= Wilhelm Diekamp =

German historian (1854–1885)

Wilhelm Diekamp (13 May 1854 – 25 December 1885) was a German historian.

Diekamp was born in Geldern. Soon after his birth, his parents moved to Münster in Westphalia, where he made his collegiate studies (1867–72). From 1872 to 1875 he studied theology at Würzburg and at Münster. Feeling uncertain, however, as to his ecclesiastical calling, he abandoned his desire of entering the priesthood, and took up the study of philology.

In 1877 he graduated as doctor of philosophy with the dissertation: "Widukind, der Sachsenführer nach Geschichte und Sage" (Münster, 1877). Excessive study led to grave pulmonary disease. For some time he taught in the public schools of Münster, Arnsberg, and Aachen, developing in the meantime his historical training. Evidence of this was his Vitae S. Ludgeri (Geschichtsquellen des Bistums Münster, IV, Münster, 1881).

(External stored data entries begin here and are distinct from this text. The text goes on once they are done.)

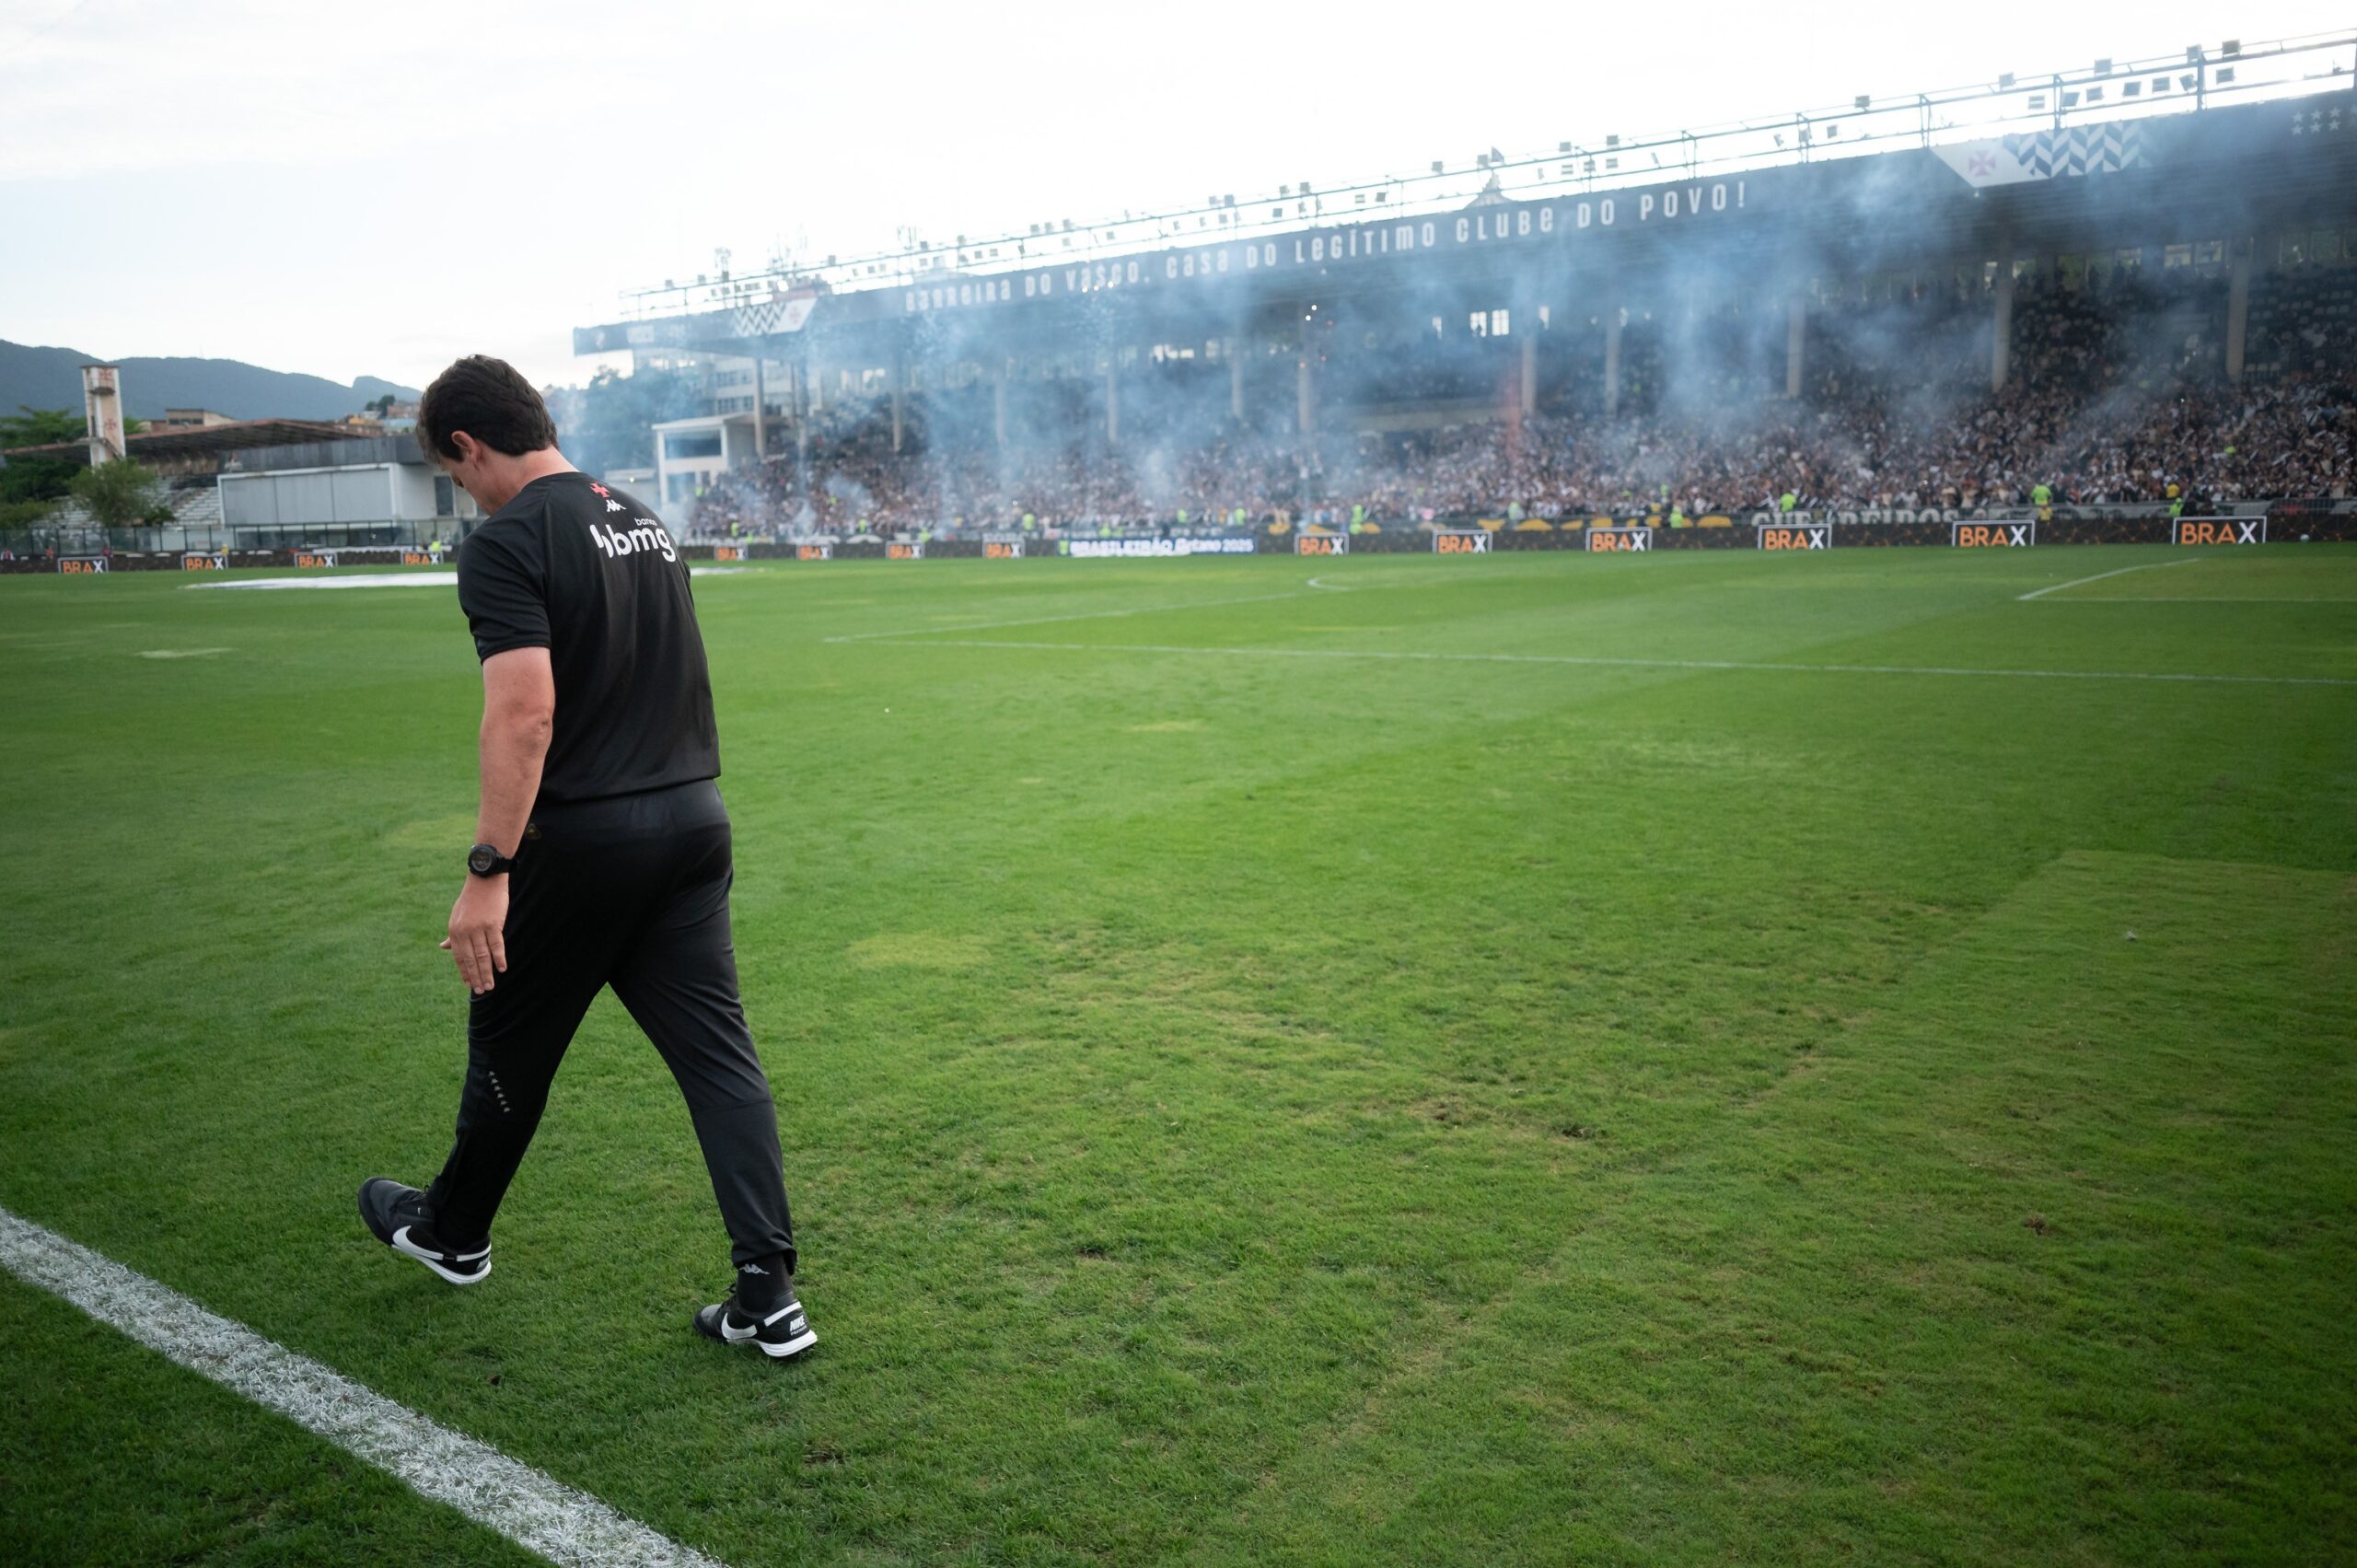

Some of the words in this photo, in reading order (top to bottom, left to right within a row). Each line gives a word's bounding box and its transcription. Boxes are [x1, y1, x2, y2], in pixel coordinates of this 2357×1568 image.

[1576, 198, 1616, 229] DO
[1639, 180, 1746, 222] POVO!
[1591, 531, 1646, 552] BRAX
[1764, 528, 1824, 550] BRAX
[1959, 525, 2027, 547] BRAX
[2180, 521, 2258, 544] BRAX
[1300, 538, 1345, 555] BRAX
[1438, 535, 1487, 553] BRAX
[63, 560, 104, 574] BRAX
[186, 556, 224, 571] BRAX
[298, 554, 334, 567] BRAX
[404, 552, 439, 565] BRAX

In 1881 the Westfalischer Verein fur Geschichte und Altertumskunde confided to him the continuation of the Westfälisches Urkundenbuch. He returned to Münster and in 1882 he became Privatdozent for history there. Previously, however, he spent a year at Vienna for improvement in diplomatics at the "Institut fur oesterreichische Geschichtsforschung" under the direction of Theodor von Sickel.

At Easter, 1883, he began his teaching at Münster, continuing at the same time his historical investigations, specially on Westphalian documents, the history of the papal chancery, and papal diplomatics. In 1885 he published at Münster the first part of the supplement of the Westfälisches Urkundenbuch.

In the autumn of this year he went to Rome, chiefly to collect in the Vatican archives the material for the large works he had in mind. He died of typhoid in Rome while working there, and was buried in the German Campo Santo near St. Peter's.

Diekamp also published between 1878 and 1885 several important studies in different reviews concerning the history of the Middle Ages and diplomatics or official style of the medieval papal documents.